"This is the complete package and evidence that Telltale's success last year wasn't singularly due to Kirkman's work."
Some have argued that Telltale finally struck it big with its episodic release of The Walking Dead. Until that point, they floated on by on the wings of cult hits like Sam & Max. Now, after critically acclaimed success, Telltale may wish to capitalize on a working formula, straying from the fame of Robert Kirkman's work. While The Wolf Among Us also borrows its plot from a comic book series known as "Fables," this lesser-known world is less likely to boost sales by name alone. Was it truly Telltale's game design and storytelling that earned them several Game of the Year awards, or was it the intellectual property of another talent?
The Wolf Among Us immediately feels like The Walking Dead in style, storytelling, game design, and player choice. However, The Wolf Among Us follows Bigby Wolf, the sheriff of mythical Fabletown, a hideout in plain sight of "mundies," or ordinary folk. You see, Bigby comes from the land of myths and fairy tales, and many know him better as The Big Bad Wolf. Other famous characters make debuts, some more well known than others, originating from all sorts of stories. Bigby's charged with keeping the order in Fabletown and making sure no humans discover their existence.

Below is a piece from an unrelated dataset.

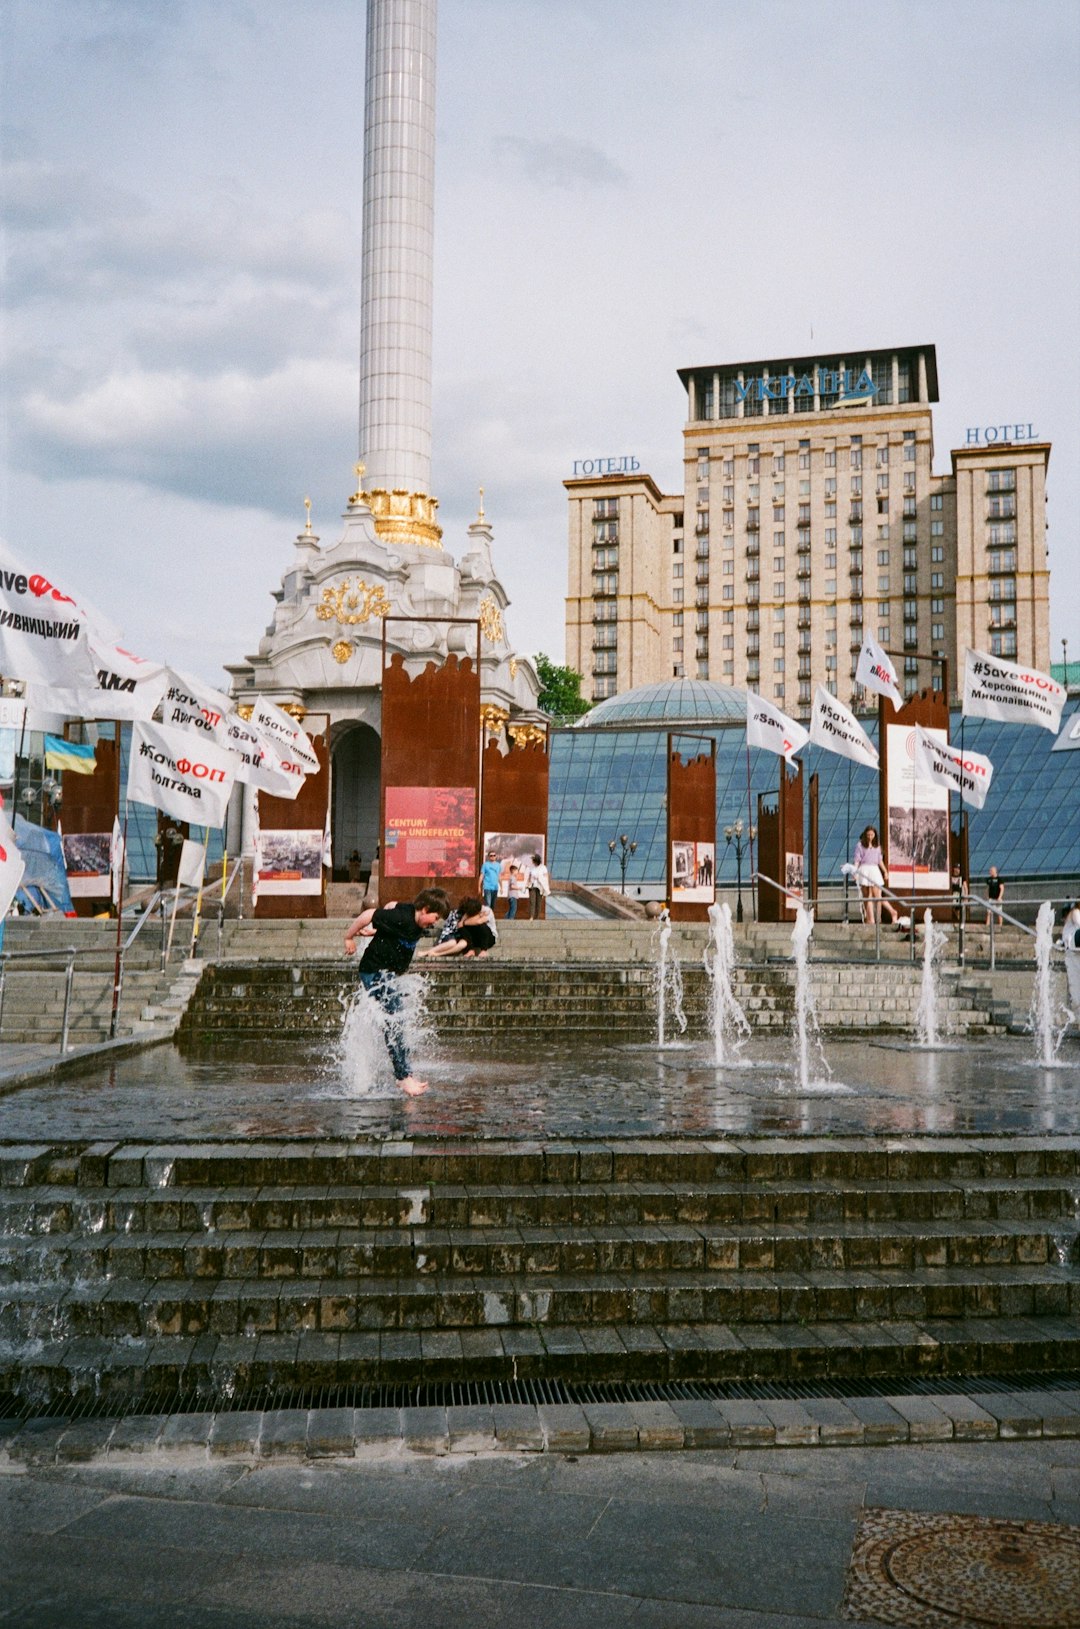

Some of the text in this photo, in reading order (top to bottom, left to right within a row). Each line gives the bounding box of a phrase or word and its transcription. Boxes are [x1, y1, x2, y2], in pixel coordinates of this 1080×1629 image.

What's most compelling about The Wolf Among Us is how modernized and authentic these fictional characters feel. Hundreds of years after their stories have come to a close, some have changed dramatically — like Bigby. Others have remained colorfast and have made healthy transitions to this new setting. The "real world" is not so kind to all, however.
Although Bigby — like Lee — certainly has a personality that players can't change too dramatically, the three or so choices typically offered allow players to take the story in their own direction. While The Walking Dead offered several choices throughout its episodes, the illusion of choice was apparent by the end of the story. Here, choices seem to have a more significant impact on the direction of the story, meaning multiple playthroughs may be warranted. Unlike The Walking Dead, I genuinely wondered what would have happened if I had chosen another path.
That said, the game design got in the way at times. While Telltale certainly listened to its fans and decreased the amount of walking around time, relying more heavily on dialogue choices, quick-time-events continue to rear their ugly head. To this day, I have never known someone to celebrate the inclusion of quick-time-events. Although I understand that they theoretically immerse players in the action, at no point did I feel that way in The Wolf Among Us. Every time quick-time-events popped up, I was taken out of the story and worried that I would have to replay the same series of events; I also wanted to watch the action, rather than anticipate a letter pop-up. Despite this, I must say that Telltale made quick-time-events more player-friendly and less dependent on reflexes or "skill."
The voice acting, as usual for Telltale, is top-notch. Music and sound effects don't play a significant role, but I never felt a need for them, either. The story never stops, and the dialogue is always well-written. Visually, fans of The Walking Dead game will rejoice, since they're almost identical. This comic book-esque style fit The Walking Dead for obvious reasons and it does just the same here for the same reasons. The noir plot truly benefits from the gritty, incomplete-looking art of The Wolf Among Us.
This is the complete package and evidence that Telltale's success last year wasn't singularly due to Kirkman's work. Clear responses to fans' minor complaints regarding The Walking Dead's design has almost guaranteed another hit in this five-episode series. With gripping choices and authentic characters, I care about what happens to this dark, tragic world. What's more, I care about the timeliness of episode two's release.